I don’t always have any particular plans as I set out in the morning. I’ll have a direction in mind, but can change if I see a sign pointing to a place on my list – or not on my list, as was the case with L’eglise St Germain.
A sign pointing to L’Orangerie sent me over the Seine via wooden footbridge into the Tuileries Gardens. This plot is amongst the formal avenues of trees:
Monet was inspired by his garden at Giverney, obsessed even, planning its layout and colours quite meticulously. Mum’s love of Monet’s paintings and her interest in his story, led us to visit the garden in 2015. I was grateful for that as I “fell into” the paintings at L’Orangerie.

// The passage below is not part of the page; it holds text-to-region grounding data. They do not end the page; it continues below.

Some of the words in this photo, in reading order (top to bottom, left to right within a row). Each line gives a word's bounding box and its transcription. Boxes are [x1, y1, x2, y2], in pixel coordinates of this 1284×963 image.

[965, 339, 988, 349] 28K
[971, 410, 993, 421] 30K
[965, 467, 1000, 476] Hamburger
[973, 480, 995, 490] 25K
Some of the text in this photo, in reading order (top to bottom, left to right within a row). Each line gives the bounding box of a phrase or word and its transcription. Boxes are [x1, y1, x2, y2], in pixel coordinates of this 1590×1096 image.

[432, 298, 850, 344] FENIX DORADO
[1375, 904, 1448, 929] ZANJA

The “Morning” panel seemed to grow in depth and dimension the more I looked at it. This gives some idea, but the photos are inadequate.
The “Sunset” panel glowed, while the willow tree panels and water lilies (which Monet preferred to call ‘nymphae’) were more familiar images.

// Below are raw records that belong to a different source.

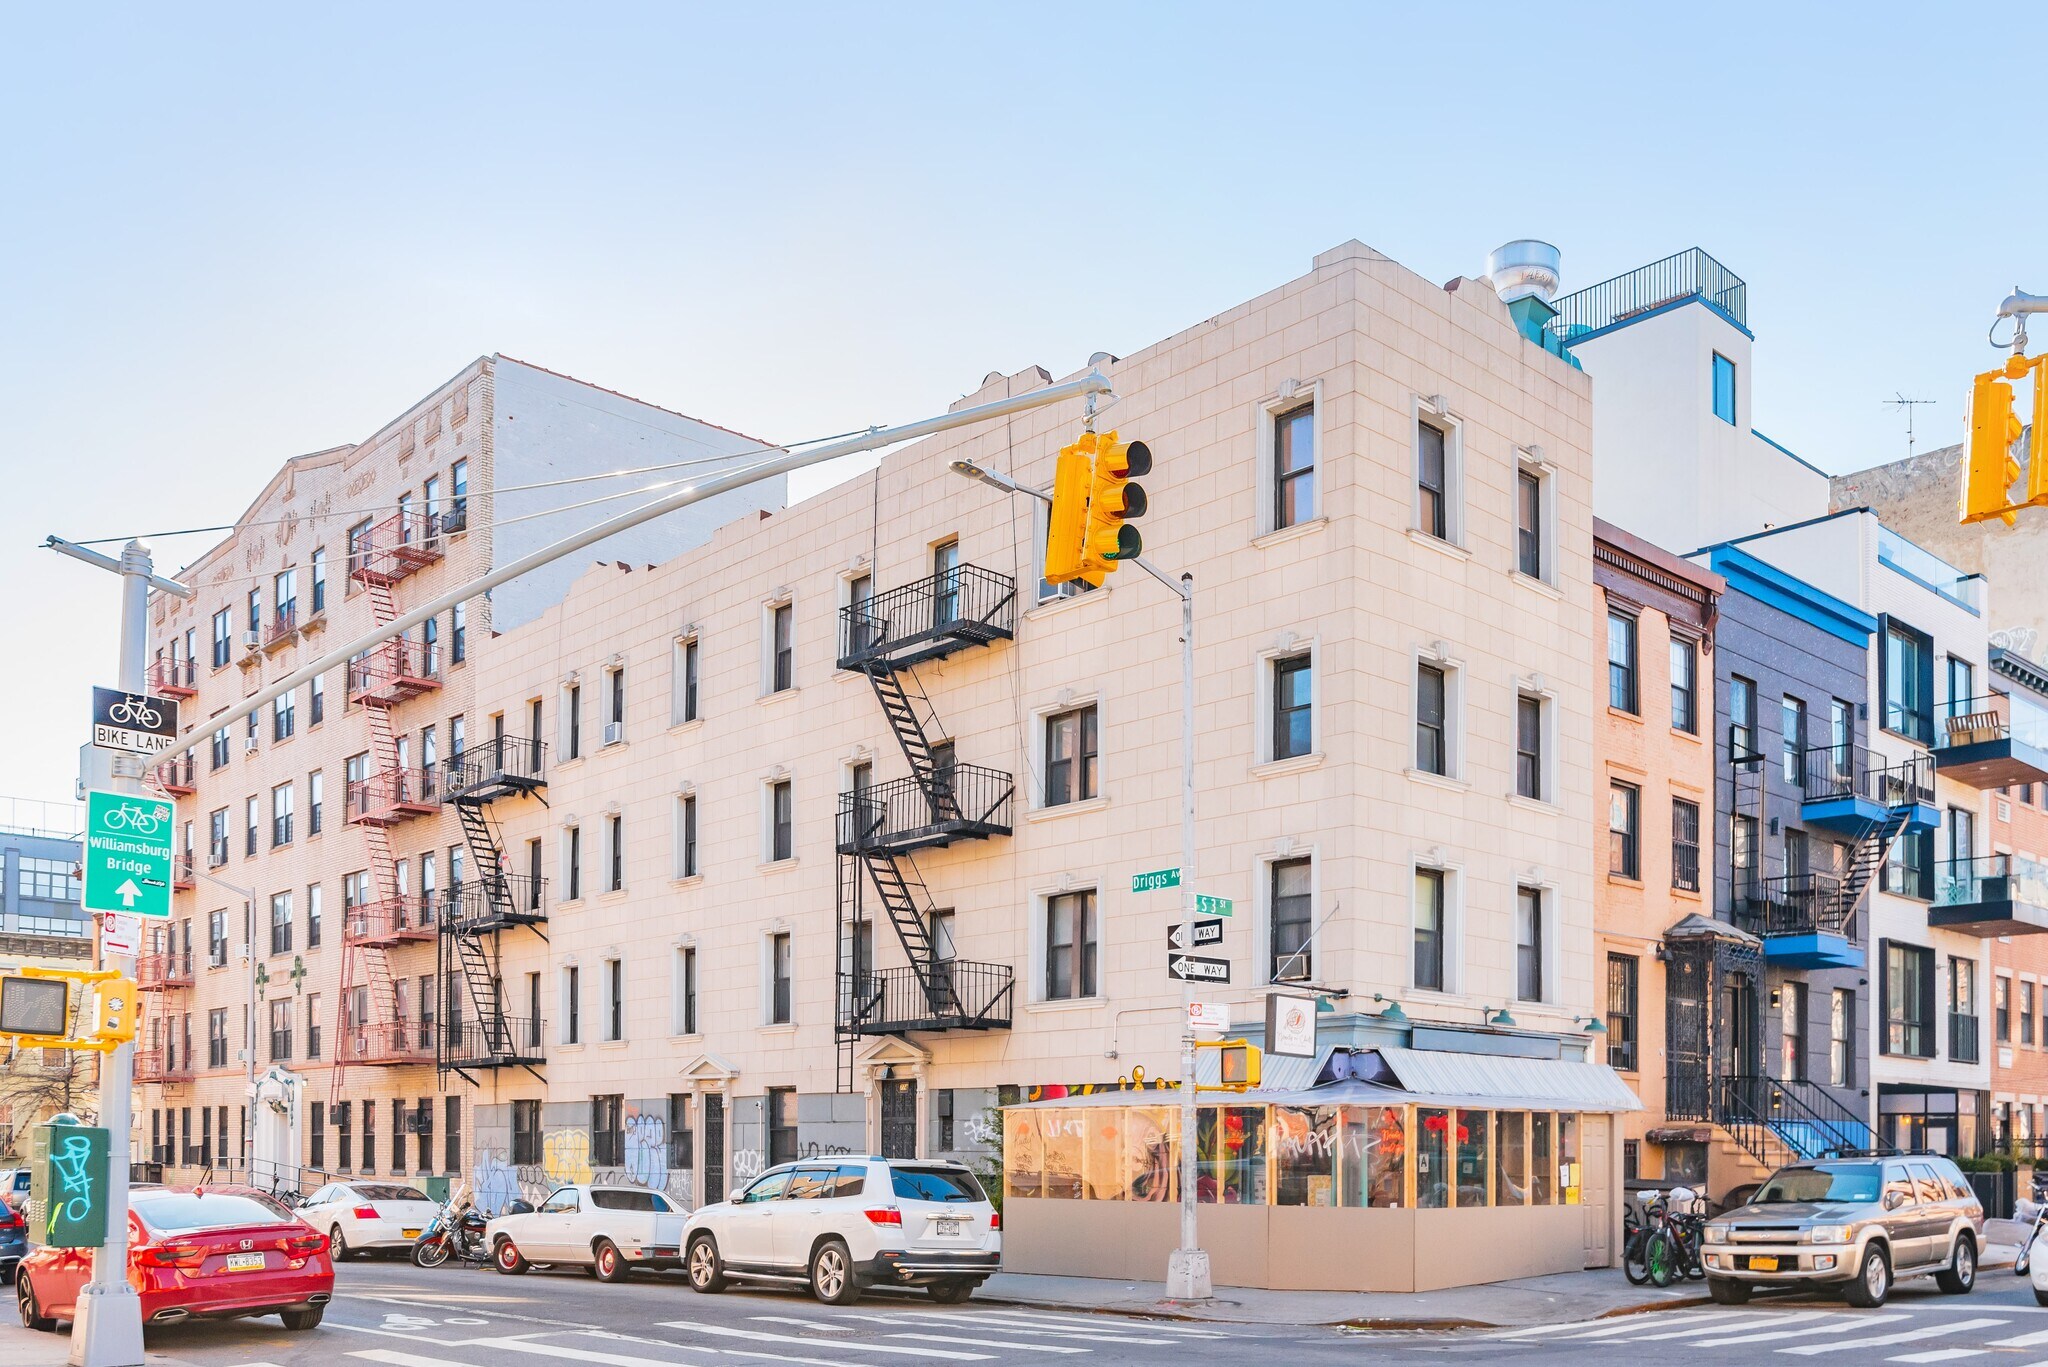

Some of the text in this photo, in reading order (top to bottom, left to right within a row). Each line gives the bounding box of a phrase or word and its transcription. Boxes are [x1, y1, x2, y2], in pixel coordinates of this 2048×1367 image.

[98, 727, 128, 746] BIKE
[89, 836, 170, 860] Williamsburg
[106, 857, 152, 876] Bridge
[1133, 873, 1167, 889] Driggs
[1201, 897, 1207, 912] S
[1210, 898, 1216, 913] 3
[1198, 926, 1215, 938] WAY
[1177, 962, 1222, 976] ONE WAY
[1420, 1156, 1427, 1167] A

There were benches in the centre of the two large oval spaces so you could sit and just look. And learn: the audio commentary pointed out that the paintings were startling at the time because there is no horizon or landmark.
The Guillaume Collection in L’Orangerie gives a pictorial glimpse into the change in art in the early 20th Century with Paul Guillaume’s “ability to reconcile modernity and tradition” according to the Guide.
So there is Renoir:
And Modigliani, featuring a portrait of Paul Guillaume on the left:
And Rousseau, often spurned by critics for his “primitive” style. This painting features the Wright brothers’ aircraft:
I was pleased to find at least one female artist in the collection. Marie Laurencin designed stage sets for the ballet as well as painting. The portrait on the right is of Coco Chanel.
There is a section of modern art which is connected by technique to the work of Monet, apparently. I guess I don’t have Guillaume’s ability to reconcile traditional and modern! Yet Monet was very much part of ‘modernity’ in his time.
I didn’t particularly feel the need to detox after all that art (and there was more to come in the afternoon) but “Garden Detox” was the name of this fruit cocktail I had at an outdoor cafe in the Tuileries. Kiwi fruit, cucumber, mint…
And more art, with crows, nearby:
One thought on “Art at L’Orangerie”
Hurray for Marie Laurencin! I wonder what the wives were doing while their famous husbands painted? Maybe mixing the perfect colours, while keeping fractious children quiet?